At Kilquain in County Galway, a rath, the Irish ringfort, a type of circular earthen enclosure typically built during the early medieval period as a farmstead or homestead, once occupied the crest of a drumlin rising out of flat pastureland. The 1838 edition of the Ordnance Survey six-inch map recorded it clearly: a circular enclosure roughly 35 metres in diameter, sitting on that low glacial hill like a full stop on the landscape. By the time a researcher named McCaffrey visited in 1952, he could find nothing at all, and wrote simply "Not present" in his survey notes. Extensive quarrying had done away with both the earthwork and the drumlin it stood on.

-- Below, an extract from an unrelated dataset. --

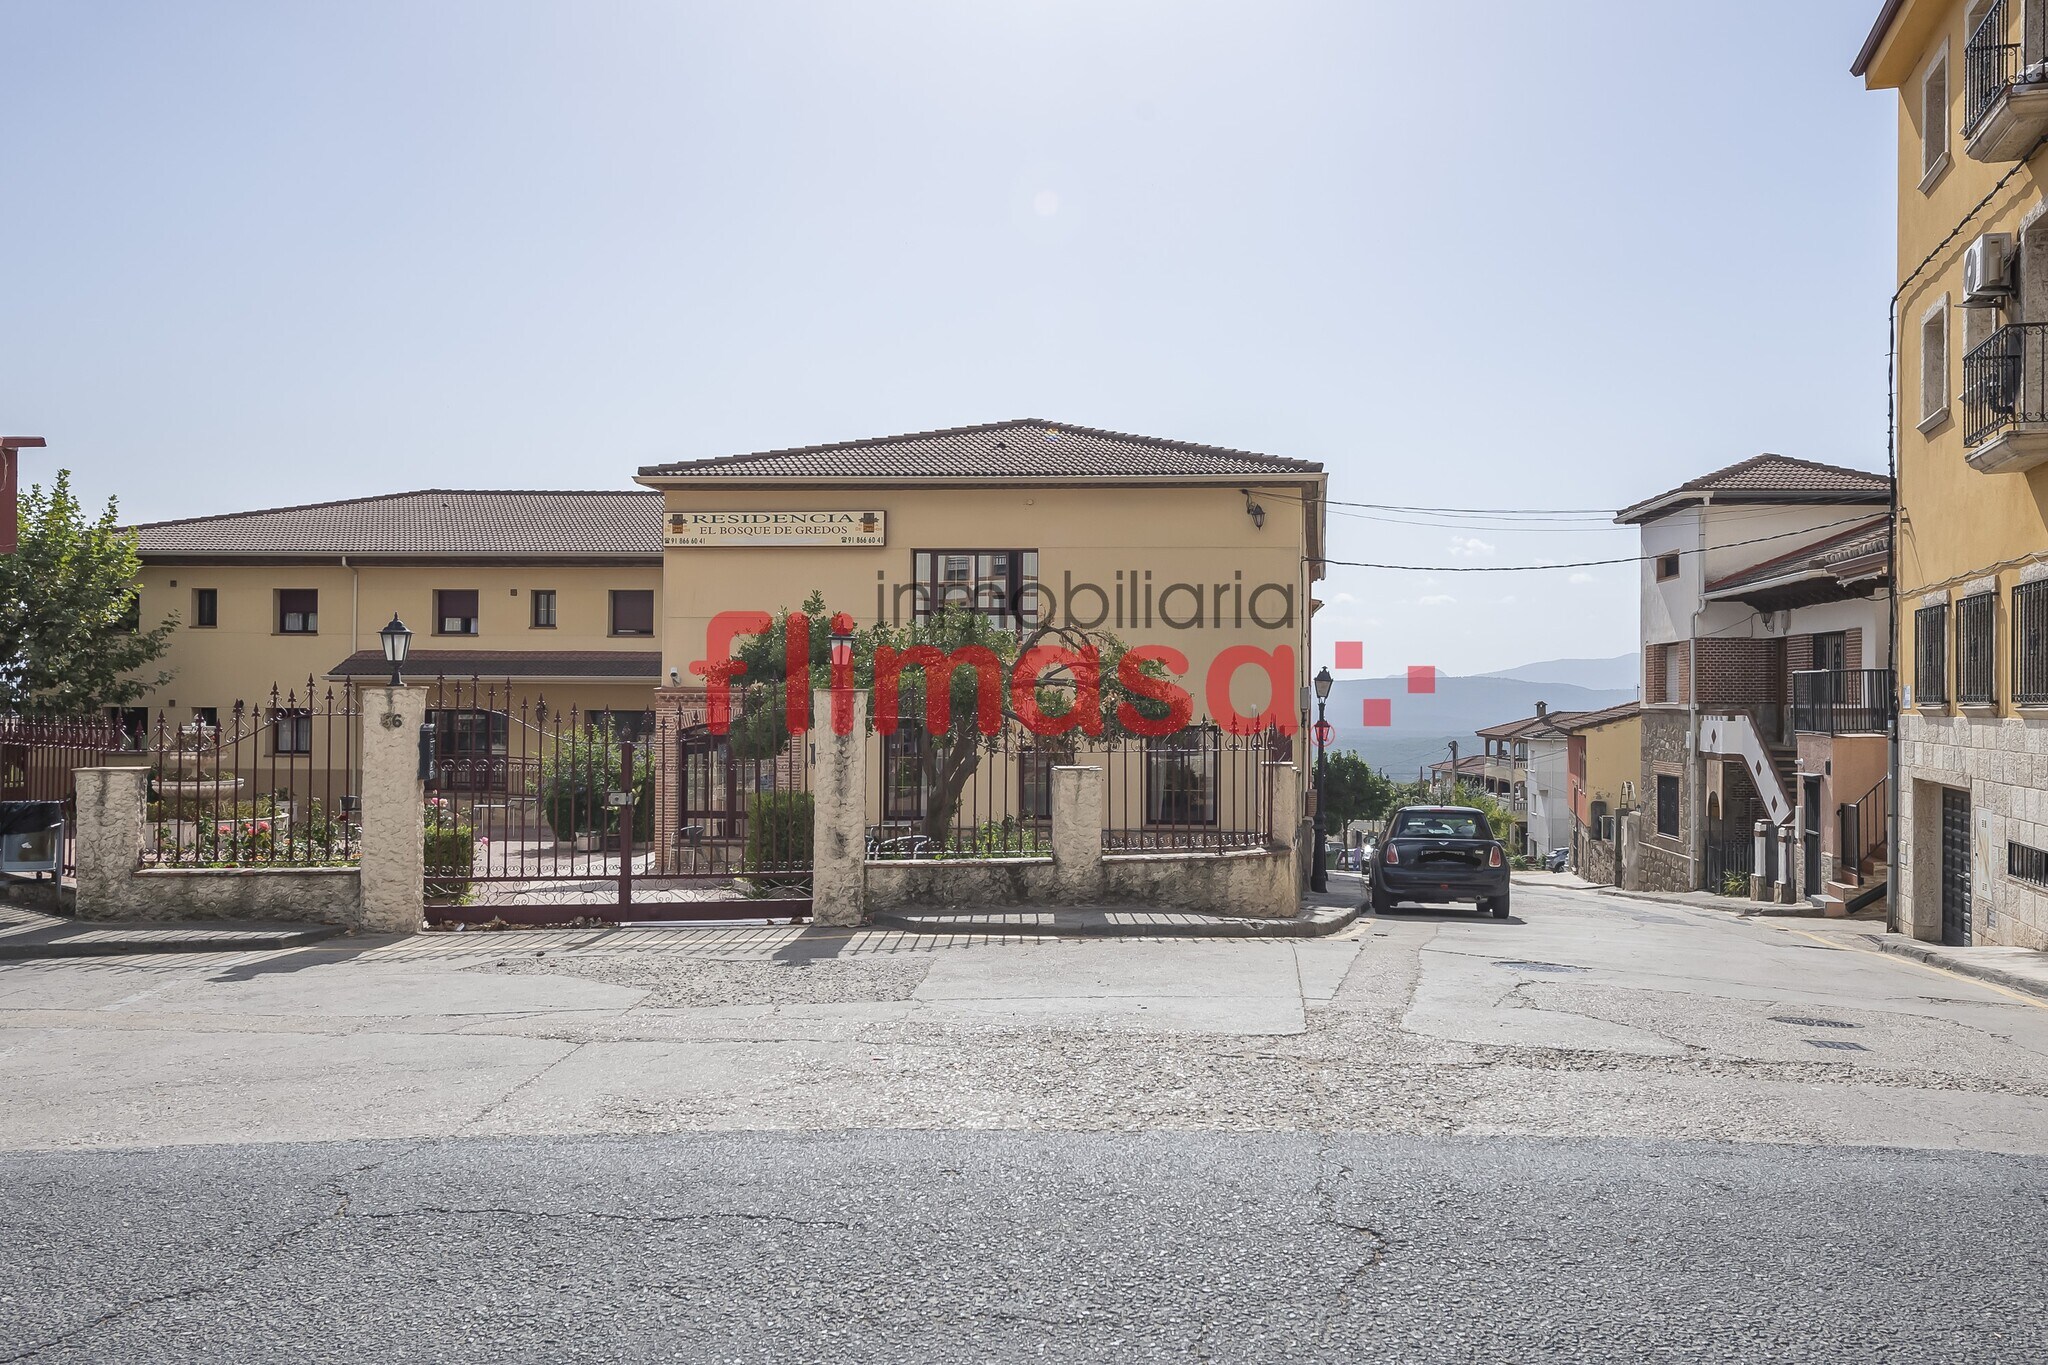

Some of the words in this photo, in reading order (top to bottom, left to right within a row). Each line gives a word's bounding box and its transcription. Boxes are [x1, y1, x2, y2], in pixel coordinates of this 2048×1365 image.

That terse phrase, "Not present", carries a quiet weight. Ringforts are among the most numerous archaeological monuments in Ireland, with tens of thousands recorded across the country, yet a significant proportion have been lost to agriculture, construction, and extraction over the past two centuries. The Kilquain example sits within that larger story of attrition, documented at the moment of its existence in 1838 and documented again, with accidental precision, at the moment of its confirmed erasure in 1952. What remains is the cartographic ghost on the old OS sheet and the two-word verdict in McCaffrey's survey, together more eloquent than a great deal of surviving stonework.